### Task requirements
Return each record unchanged and drop the images.

### Listed records

▬▬▬▬▬▬

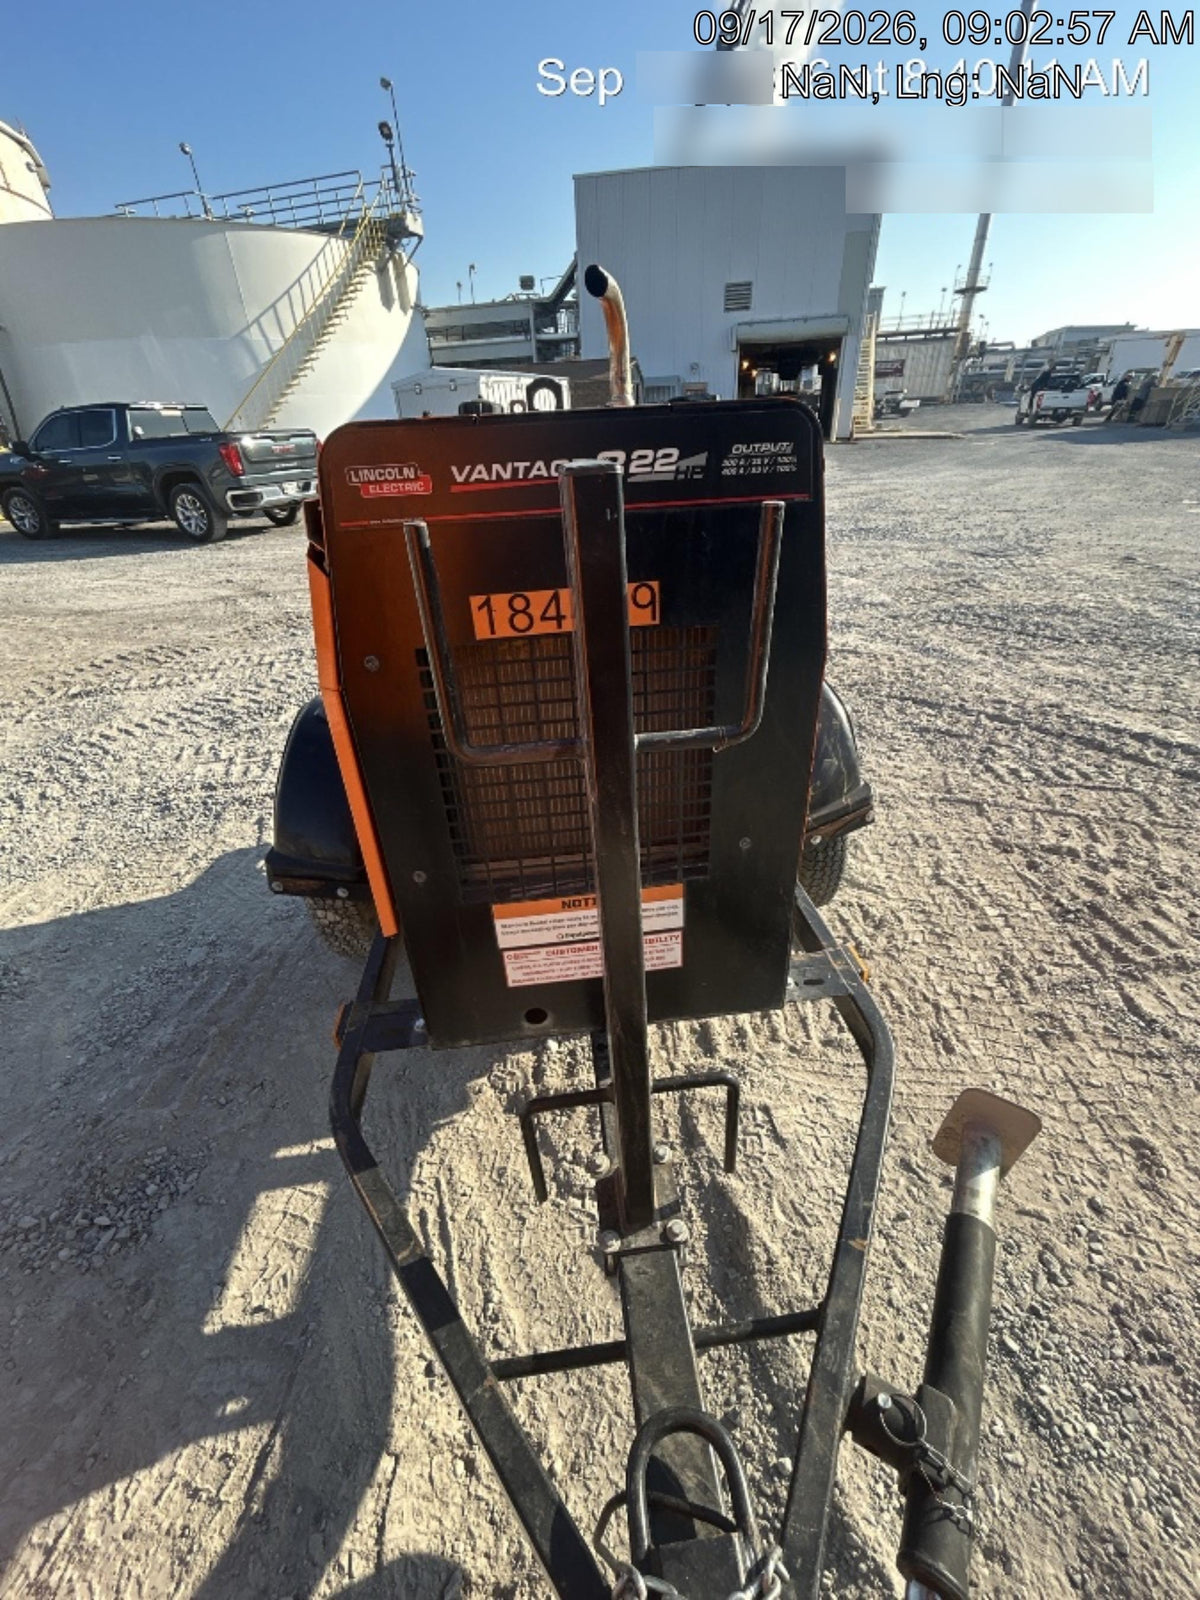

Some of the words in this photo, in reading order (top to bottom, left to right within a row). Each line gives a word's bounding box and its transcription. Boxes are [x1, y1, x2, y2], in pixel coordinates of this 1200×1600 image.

[731, 442, 791, 455] OUTPUT
[350, 466, 415, 483] LINCOLN
[450, 458, 571, 483] VANTAG
[368, 481, 425, 494] ELECTRIC
[545, 944, 599, 957] CUSTOMER

▬▬▬▬▬▬

### Result of this task
Some of the words in this photo, in reading order (top to bottom, left to right within a row). Each line gives a word's bounding box and its transcription. Boxes are [x1, y1, x2, y2], in pixel coordinates of this 1200×1600 image.

[731, 442, 791, 455] OUTPUT
[350, 466, 415, 483] LINCOLN
[450, 458, 571, 483] VANTAG
[368, 481, 425, 494] ELECTRIC
[545, 944, 599, 957] CUSTOMER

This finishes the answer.